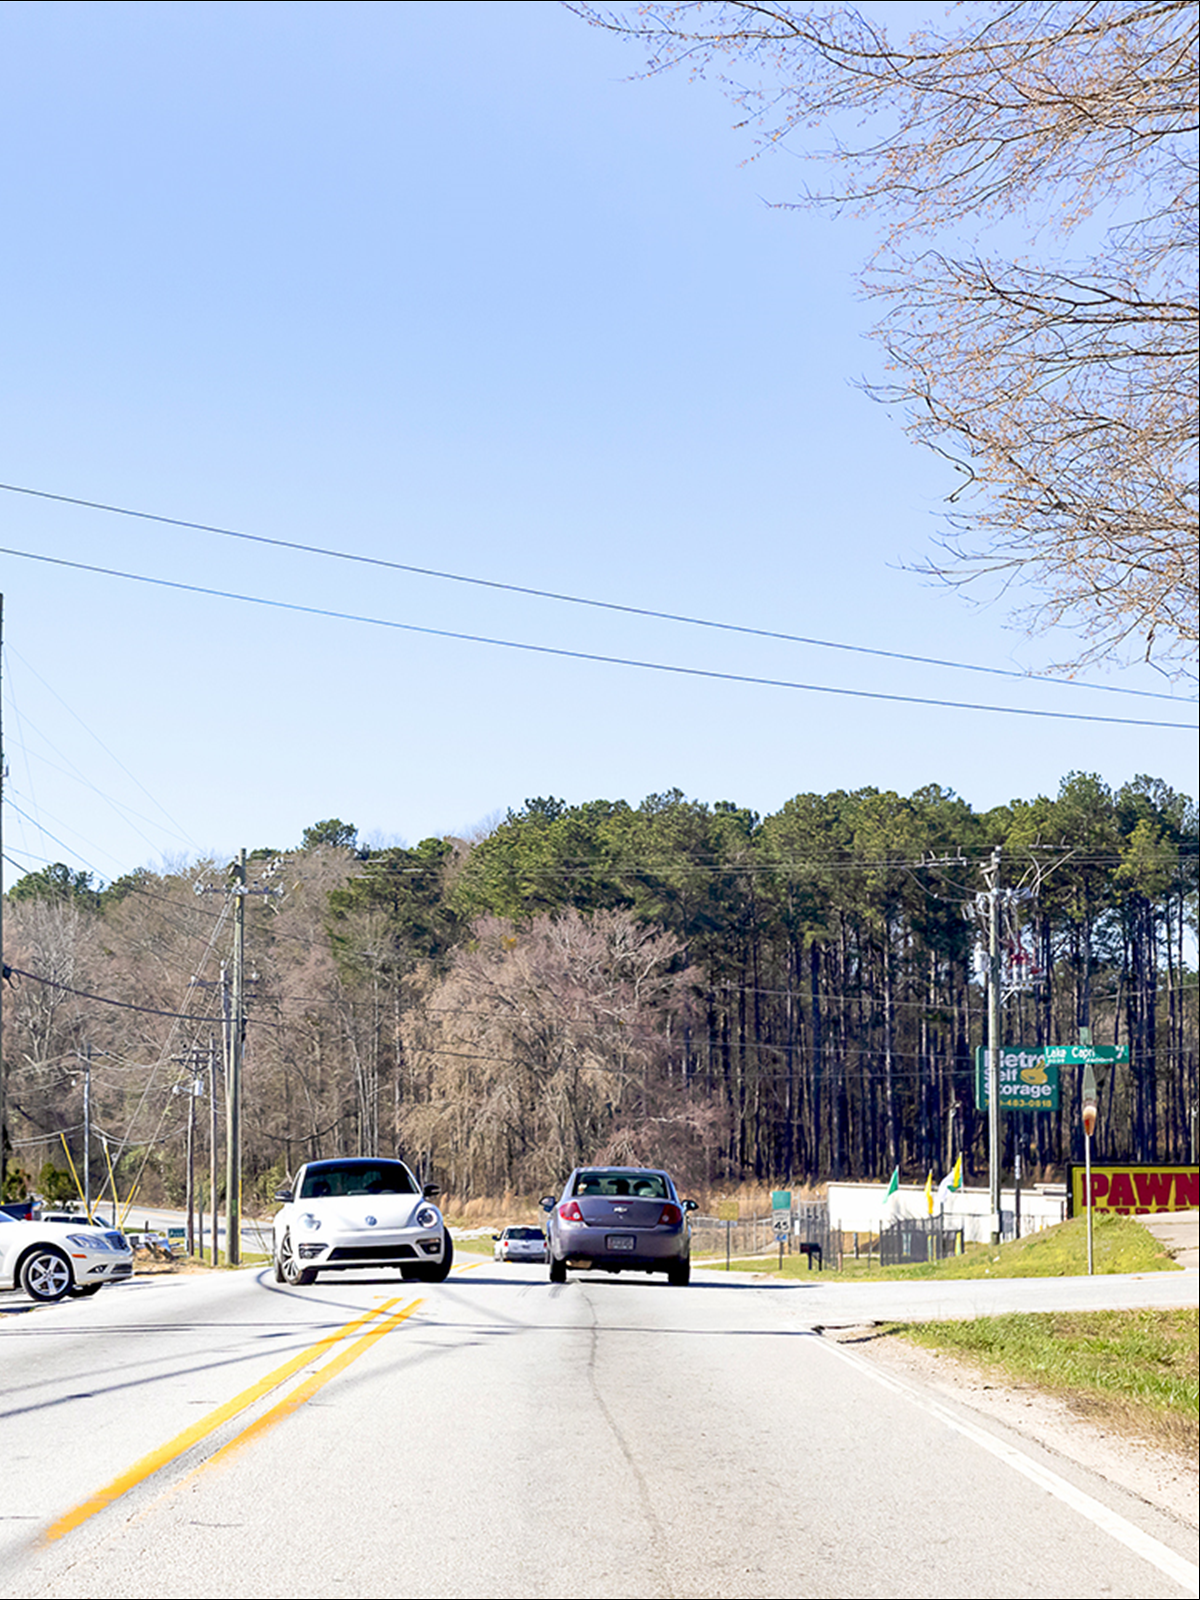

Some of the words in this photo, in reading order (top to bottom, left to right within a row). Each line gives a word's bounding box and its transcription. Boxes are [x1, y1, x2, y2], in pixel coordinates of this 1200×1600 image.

_ _ _

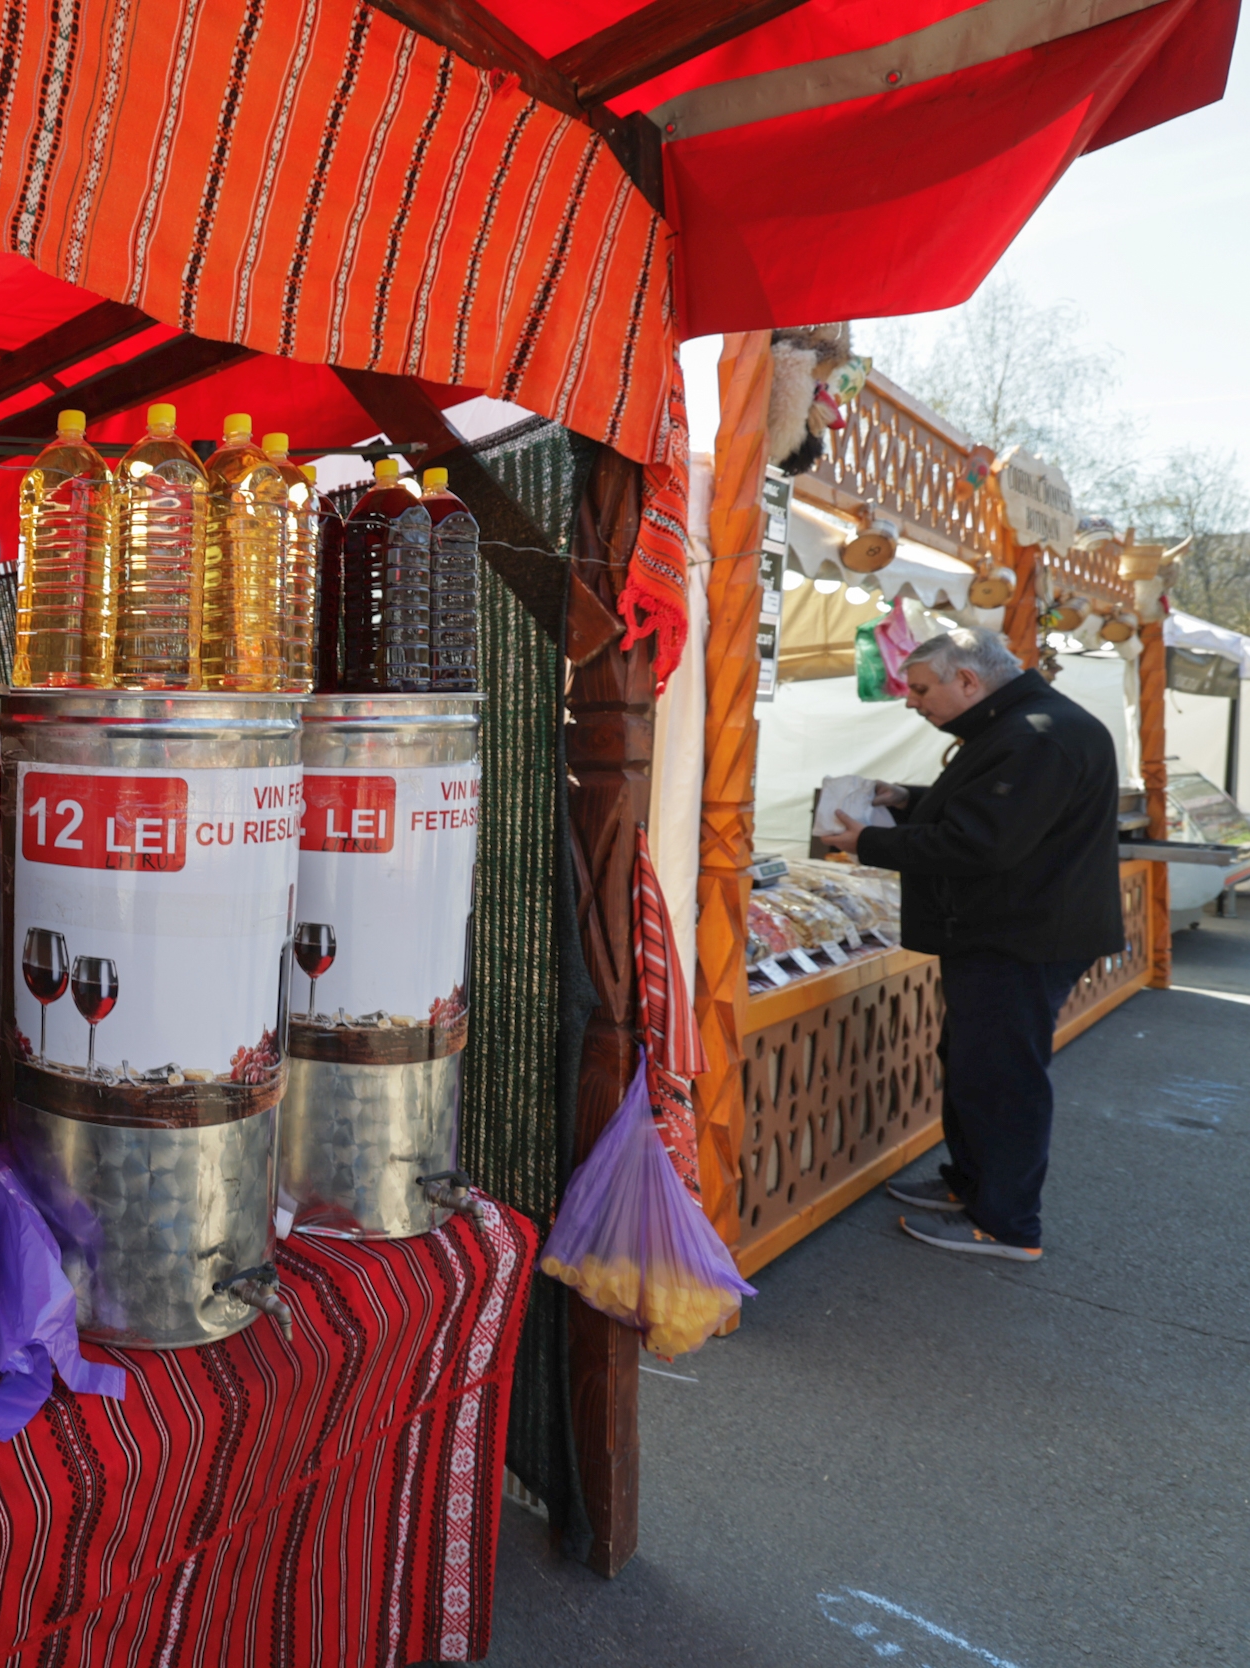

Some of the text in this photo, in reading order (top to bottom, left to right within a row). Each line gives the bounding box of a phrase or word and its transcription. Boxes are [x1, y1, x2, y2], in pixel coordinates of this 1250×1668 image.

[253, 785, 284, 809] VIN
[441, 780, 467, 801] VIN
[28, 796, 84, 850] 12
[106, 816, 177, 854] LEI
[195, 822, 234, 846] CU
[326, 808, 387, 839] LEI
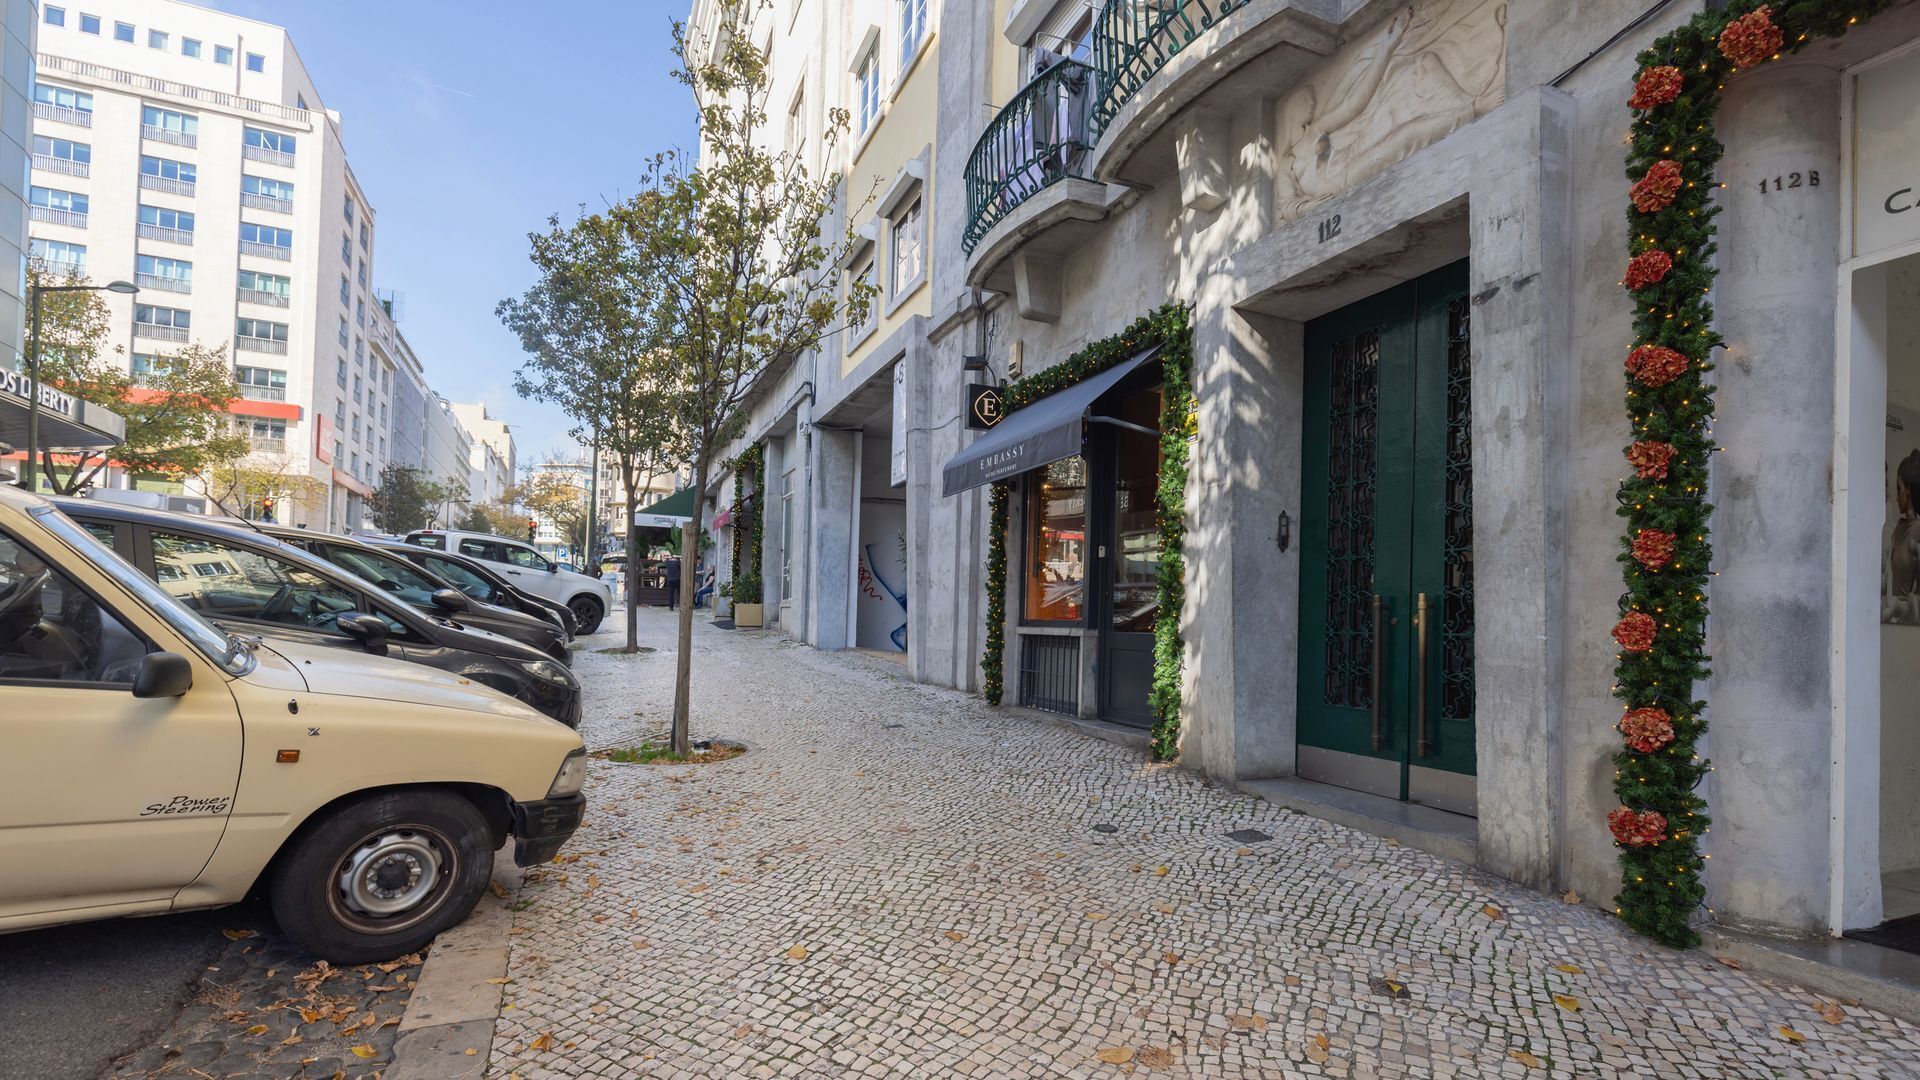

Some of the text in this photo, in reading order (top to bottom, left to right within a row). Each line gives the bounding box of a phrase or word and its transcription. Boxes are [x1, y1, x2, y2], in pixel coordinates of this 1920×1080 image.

_ _ _

▸ Task instructions
From the records above, return exactly the lines running from the one that contains "this 1250×1668 image." down to the one that contains "this 1920×1080 image.", both included, without any pictures.

▸ Solution for this problem
Some of the text in this photo, in reading order (top to bottom, left to right within a row). Each line gives the bounding box of a phrase or word and its transcription. Boxes are [x1, y1, x2, y2], in pixel coordinates of this 1250×1668 image.

[253, 785, 284, 809] VIN
[441, 780, 467, 801] VIN
[28, 796, 84, 850] 12
[106, 816, 177, 854] LEI
[195, 822, 234, 846] CU
[326, 808, 387, 839] LEI

Some of the text in this photo, in reading order (top to bottom, left to right within a row). Each line gives the bounding box of a phrase or word and its transcription. Boxes are [x1, y1, x2, y2], in pixel coordinates of this 1920×1080 image.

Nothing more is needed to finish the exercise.